Extremophiles: Microbes That Love Extremes

“Microbes run this world. We just live in it.”

- Dan Rothman, geochemist, Massachusetts Institute of Technology


“For small creatures such as we, the vastness [of the universe] is made bearable only through love.”

- Carl Sagan, American astronomer, author



Recently, researchers reported two exciting discoveries in the field of microbiology that involve an extraordinary group of microbes called extremophiles. In the January 6th Science article “Oxygen and nitrogen production by an ammonia-oxidizing archaeon,” scientists described a microbe named Nitrosopumilus marbimus that is able to survive in dark, oxygen-depleted environments by producing oxygen on its own using a biological process that has never been seen before. The second discovery, announced on January 25 in an article in New Scientist, “Microbes survive deep below the seafloor at temperatures up to 120 C,” researchers found that samples of sediments 1.2 kilometers below the seafloor contain an abundant supply of living microbes. For readers who thought that temperatures well above boiling, such as 120 C (248 F), would kill everything, well, think again. As Tina Treude, UCLA Professor of Marine Geomicrobiology, commented: “Life seems to be everywhere. I would speculate that wherever there’s energy that can be exploited by microorganisms, life finds a way.”


Extremophiles are the focus of this week’s Germ Gems post.

What and where are the extremophiles? An extremophile (from Latin extremus meaning “extreme” and Greek philia meaning “love’) is an organism that is able to live (and in some cases thrive) in extreme environments, that is, environments that make survival challenging, such as extremely high or low temperatures, pH levels, radiation, or salinity. Because many of the technologies needed to detect and define the nature of extremophiles didn’t even exist until the past half century, scientists only recently recognized the outsized importance of extremophiles in the evolutionary history of our planet.


As I’ve underscored in previous Germ Gems posts, University of Illinois microbiologist, Carl Woese and his colleagues’ development of metagenomics was pivotal. This technology led to the discovery of genetic material from a staggering number of microbial species in the environment—more than 99% of which we hadn’t even known existed. (Currently, it’s estimated that there are as many as 1 trillion different species now alive on Earth.) It also led to the landmark discovery of Archaea (from the Greek word archaios, meaning ancient)—a domain of single-celled microorganisms whose cells lack a nucleus.


It is postulated that life on Earth began in what is called the Archaeon eon, 3.8 billion years ago, when our “last universal common ancestor” (dubbed LUCA) emerged, perhaps in a hydrothermal vent somewhere in the Pacific Ocean. The ability of this extremophile to thrive in extremely hot and chemically aggressive environments was a prerequisite for the subsequent evolution of life on Earth.

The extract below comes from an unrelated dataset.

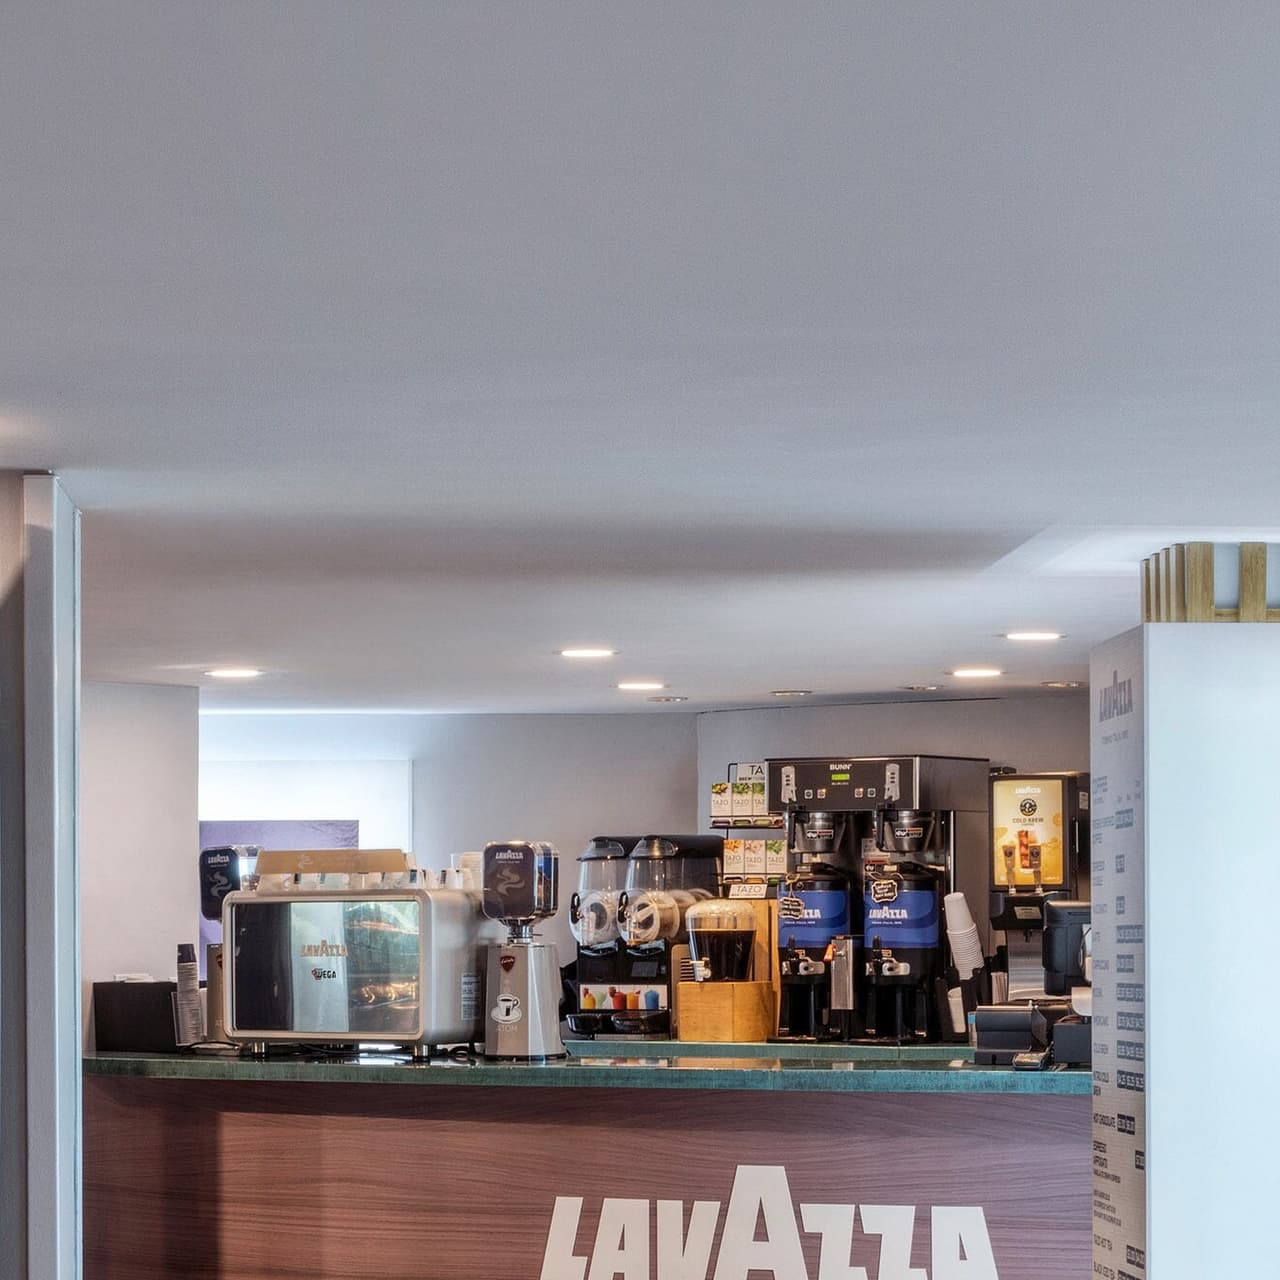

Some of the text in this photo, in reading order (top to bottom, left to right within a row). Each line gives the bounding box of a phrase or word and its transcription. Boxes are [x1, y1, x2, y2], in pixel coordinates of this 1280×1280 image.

[749, 765, 764, 775] TA
[829, 763, 852, 771] BUNN
[736, 885, 762, 893] TAZO
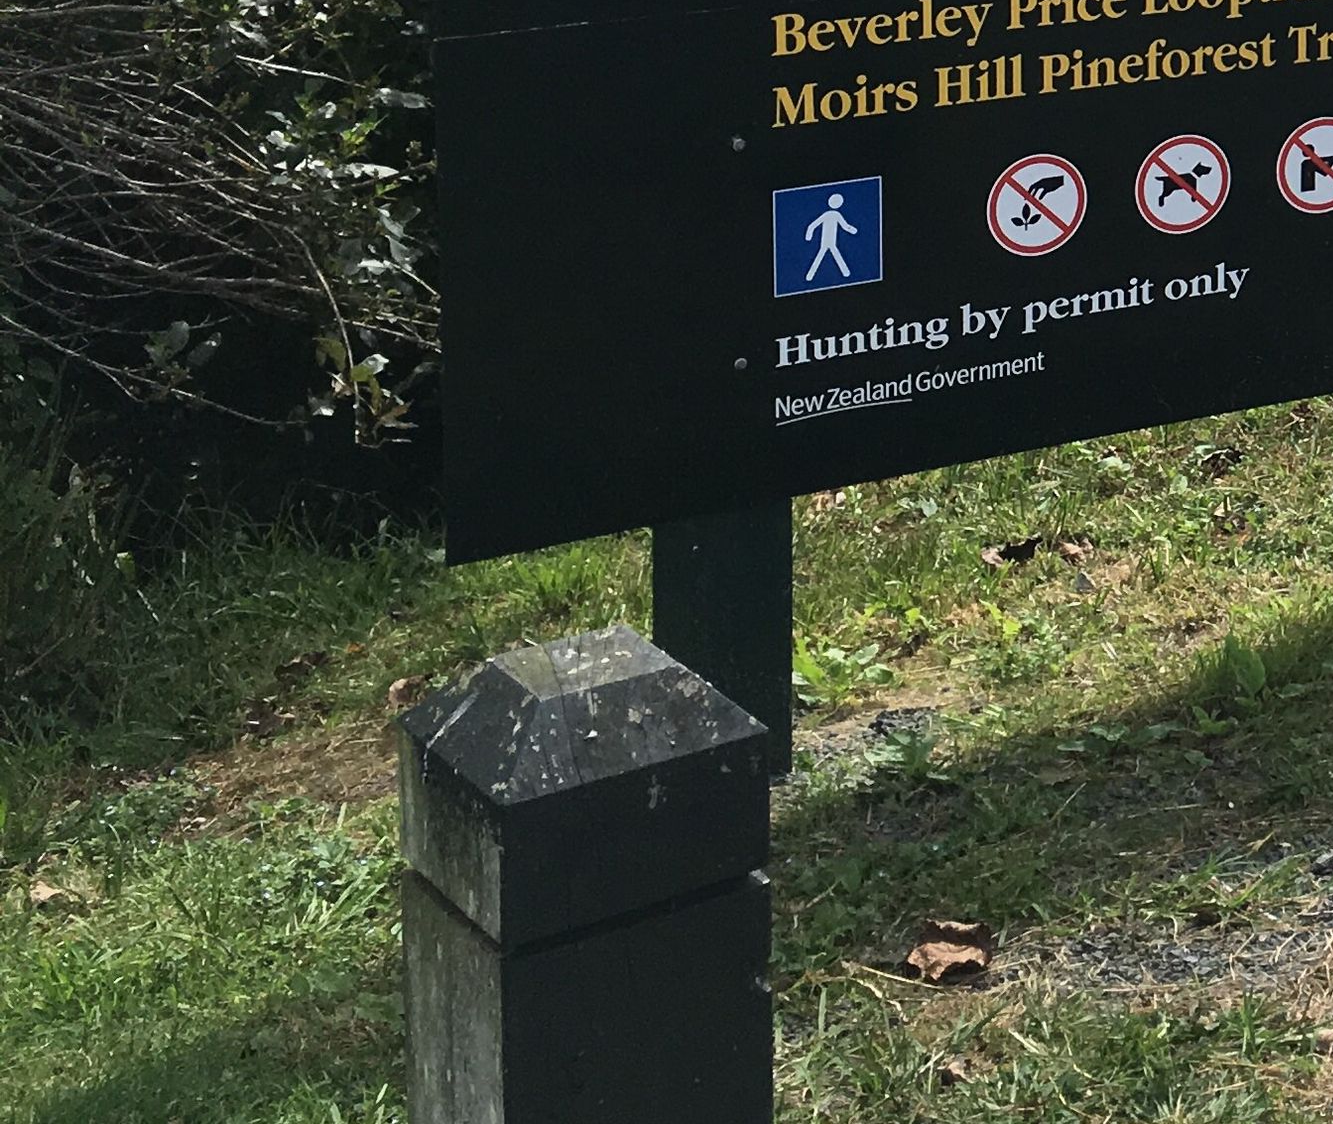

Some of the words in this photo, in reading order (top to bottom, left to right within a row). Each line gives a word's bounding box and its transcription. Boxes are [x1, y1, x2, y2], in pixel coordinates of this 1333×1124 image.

Extremophiles continue to populate our planet today. They’ve been found living in the cold and dark, in a lake buried a half mile deep under the ice in Antarctica, in the deepest spot on Earth at the bottom of the Mariana Trench in the Pacific Ocean, in hot springs, and inside rocks up to 1,500 feet beneath the sea floor under 8,500 feet of ocean. (Archaea are also plentiful members of the human gut microbiome, an environment that may not be quite so extreme, but certainly seems hostile.)

Origin of oxygen in Earth’s atmosphere. We have an extremophile known as cyanobacteria to thank for this life-sustaining gas. It wasn’t until about 2.45 billion years ago that, for the first time, oxygen was becoming a significant component of the Earth’s atmosphere. This was a critical development for all life forms that depend on oxygen such as all animal species, Homo sapiens among them. Scientists refer to the appearance of sufficient oxygen to allow aerobic existence as the “Great Oxygenation Event.” Currently, about 70% of Earth’s oxygen comes from plants and plant-like organisms in oceans while the remainder comes from trees.


Extremophiles and greenhouse gases. Permafrost is another extreme environment that sustains countless extremophiles. Permafrost refers to any type of ground—from soil to sediment to rock—that has been frozen continuously for a minimum of two years or as many as hundreds of thousands of years. It can extend down beneath the Earth’s surface from a few feet to more than a mile—covering entire regions such as the Arctic tundra, or a single, isolated spot, such as a mountaintop.


In many parts of the world, the Earth’s permafrost is now turning out to be not so permanent. This development has been capturing growing scientific attention. As global temperatures rise, the once always-frozen ground, or permafrost, that covers a good portion of the world’s northern latitudes is thawing. This is alarming because as the underground ice begins to melt, it’s exposing long-hidden threats to our climate, ecosystems, and health.


All across the Artic, ecosystems are shifting from carbon sinks, which absorb more greenhouse gases than they release, to carbon sources in the form of the greenhouse gases, carbon dioxide and methane. For an excellent analysis of this global threat, I recommend Joshua Yaffa’s January 10, 2022 article in The New Yorker, “The Great Siberian Thaw: Permafrost contains microbes, mammoths, and twice as much carbon as Earth’s atmosphere. What happens when it starts to melt?”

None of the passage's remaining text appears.